Mr. Foster’s lawyers also say the state used an invalid federal permit to buy pentobarbital.
“Given the frequency of which we carry out this ultimate act, it should be done in compliance with the law, with transparency and deliberateness and care,” said Ms. Levin, who also teaches at the University of Texas. “It is experimental, a drug that is brand new to lethal injections.”
On Monday, the Third Court of Appeals of Texas upheld a lower court ruling that rejected the defense’s argument, but Mr. Foster’s lawyers said they would take their challenge to the State Supreme Court. Mr. Foster’s lawyers have also asked Gov. Rick Perry for a 30-day reprieve to allow more time to examine evidence. The story of Mr. Foster, a former sergeant first class, has been full of twists since he was arrested in the 2002 murder of Ms. Pal.

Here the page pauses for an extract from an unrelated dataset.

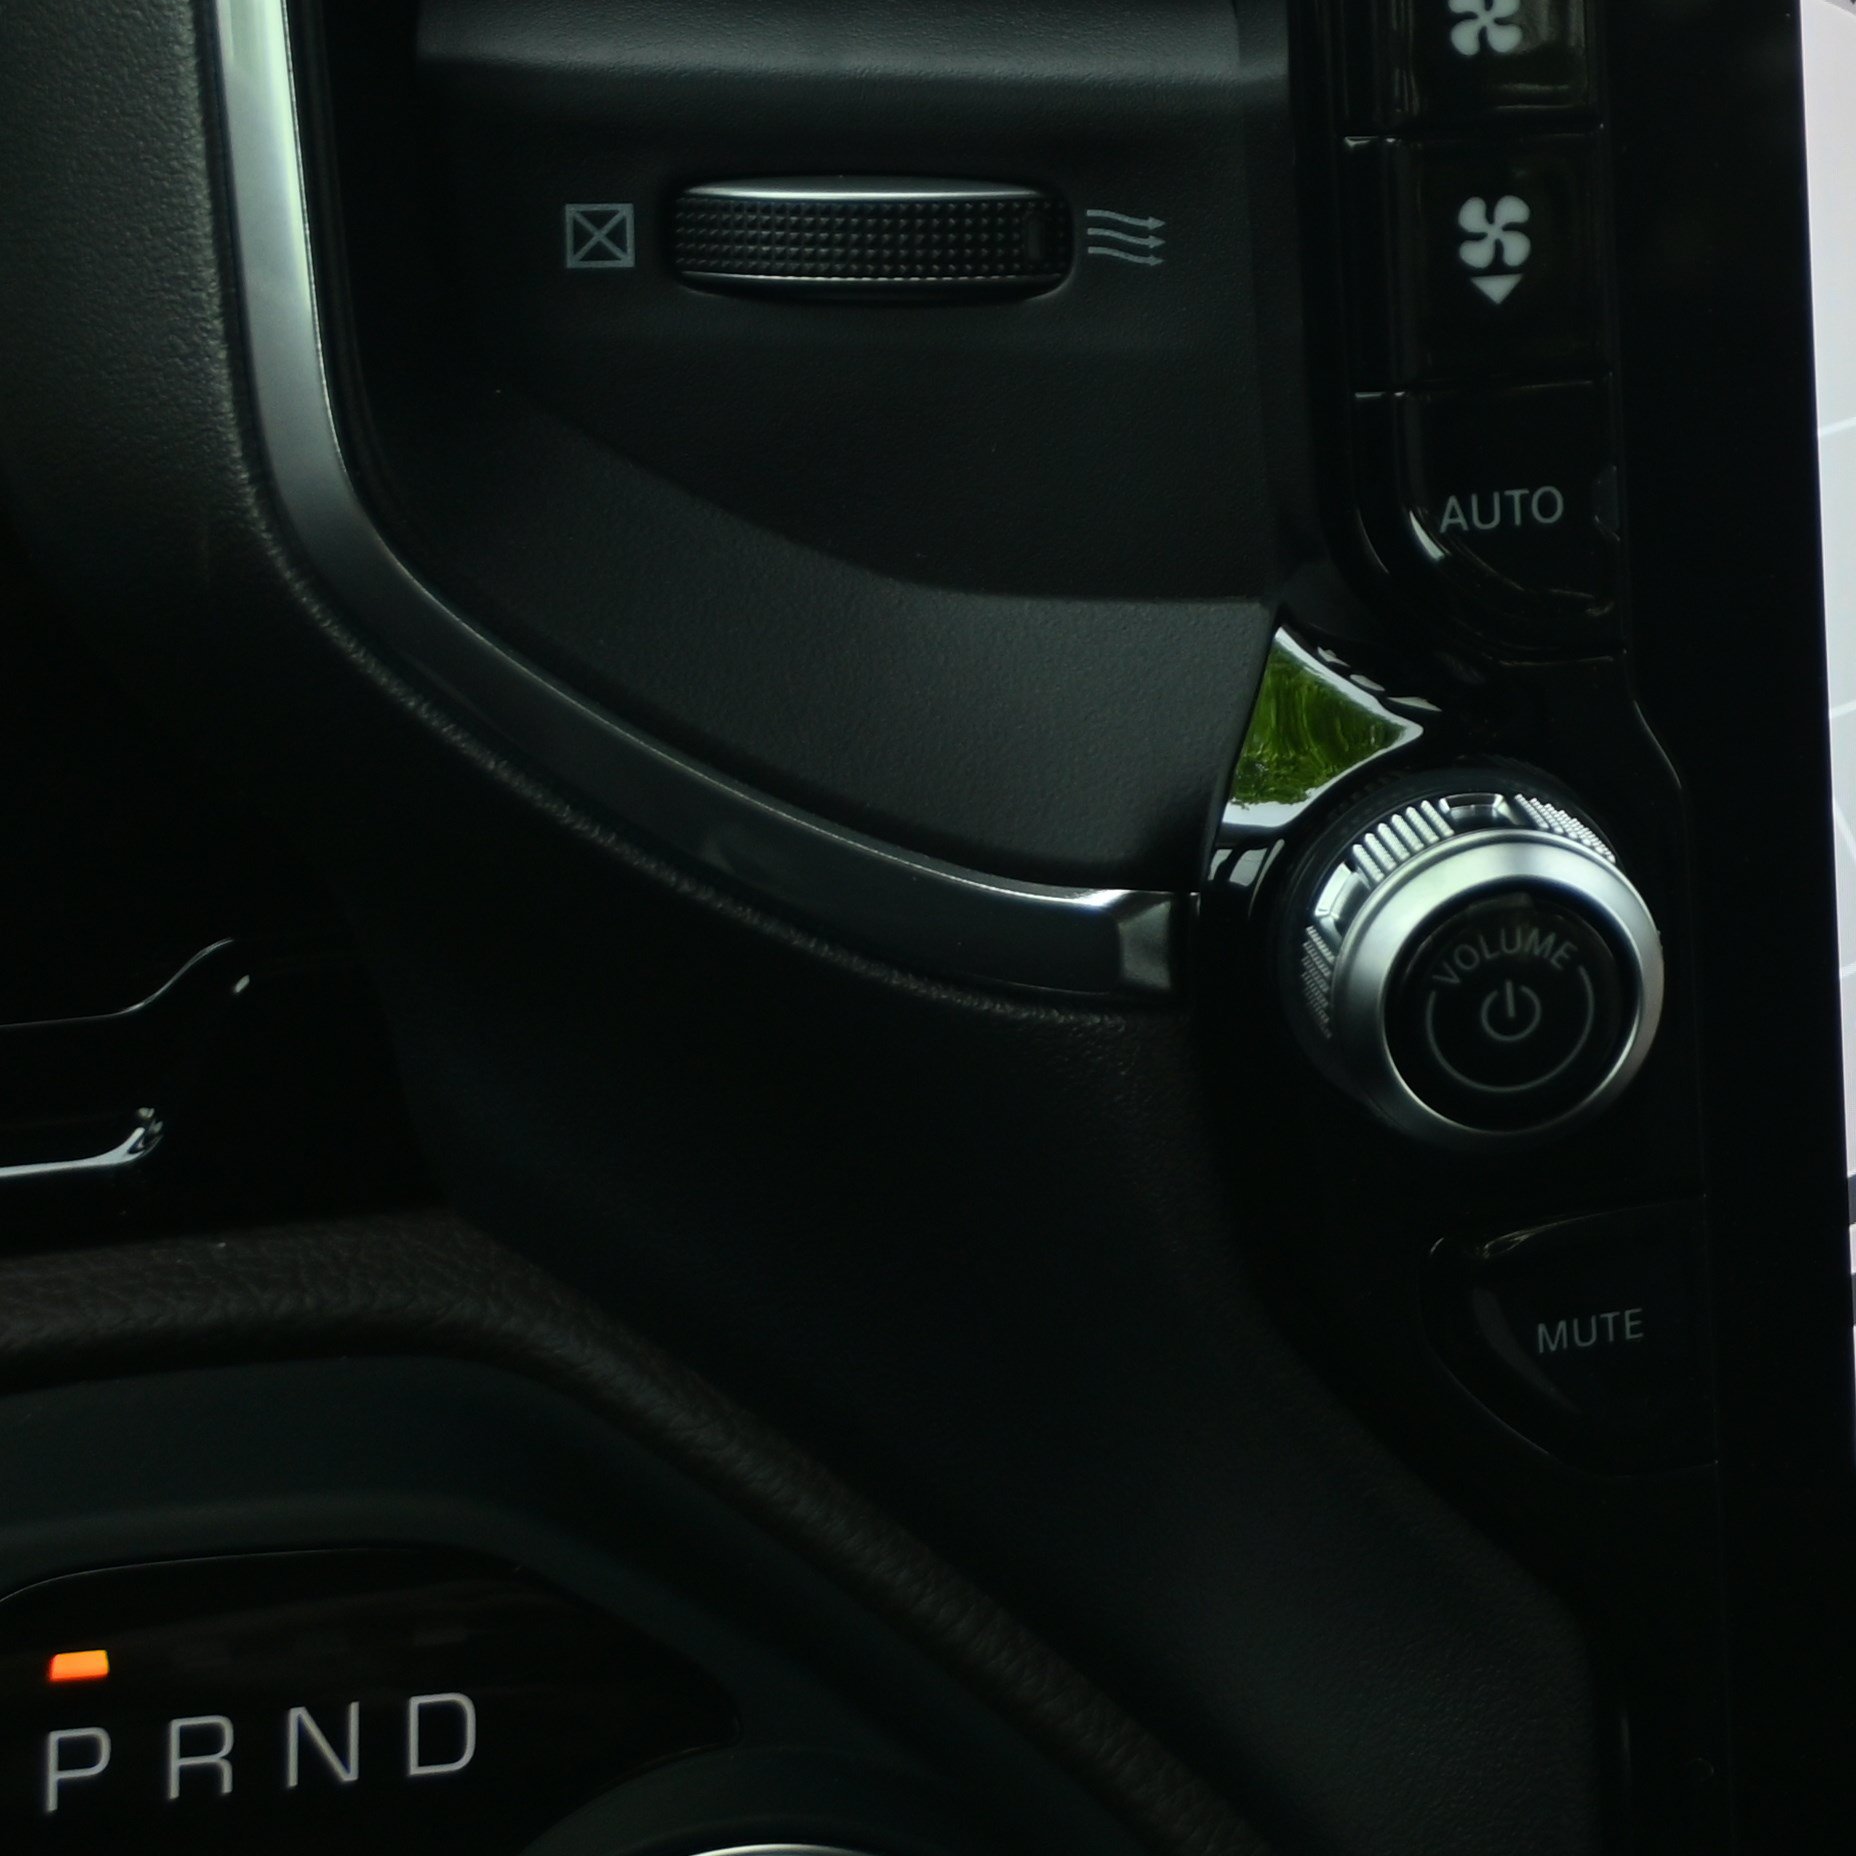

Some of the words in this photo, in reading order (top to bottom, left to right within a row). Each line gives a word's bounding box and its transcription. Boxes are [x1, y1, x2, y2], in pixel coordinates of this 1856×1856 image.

[1440, 487, 1564, 533] AUTO
[1432, 926, 1579, 988] VOLUME
[1537, 1308, 1645, 1354] MUTE

In January, again, just hours before he was to be executed — he had eaten his final meal — the Supreme Court stayed the execution to examine an appeal by his lawyers.
The appeal claimed that Mr. Foster’s trial lawyers had erred by not calling a blood spatter expert to challenge a police detective’s testimony about Mr. Foster’s role in the killing. The appeal was ultimately rejected.
Mr. Foster and his roommate, Sheldon Ward, were convicted of murdering Ms. Pal on the night before Valentine’s Day in 2002. Her nude body was found in a creek bed in a wooded area the next morning. She had been shot once in the head.
The two had met Ms. Pal at Fat Albert’s bar in Fort Worth. Witnesses said the three had chatted there, and that as Ms. Pal drove away, the two men followed in Mr. Foster’s truck.
Mr. Ward, who was 30 when he died of a brain tumor last year, had been one of the people Mr. Foster helped recruit into the Army. Prosecutors say that Mr. Ward pulled the trigger, but that Mr. Foster assisted him, including helping him dump Ms. Pal’s body.
Mr. Foster has said he had taken sleeping pills and was passed out at the time of Ms. Pal’s death.
In a statement on a Facebook page created for him, Mr. Foster has written: “I was convicted February 2004, and am now on death row waiting to die for a crime another man has confessed to. I am not a rich man nor was my family able to hire the proper lawyers willing to fight and prove my innocence. I do enjoy writing people, so if you’d like to write please do. I would also like to ask those who pray, please add me to your prayer list.”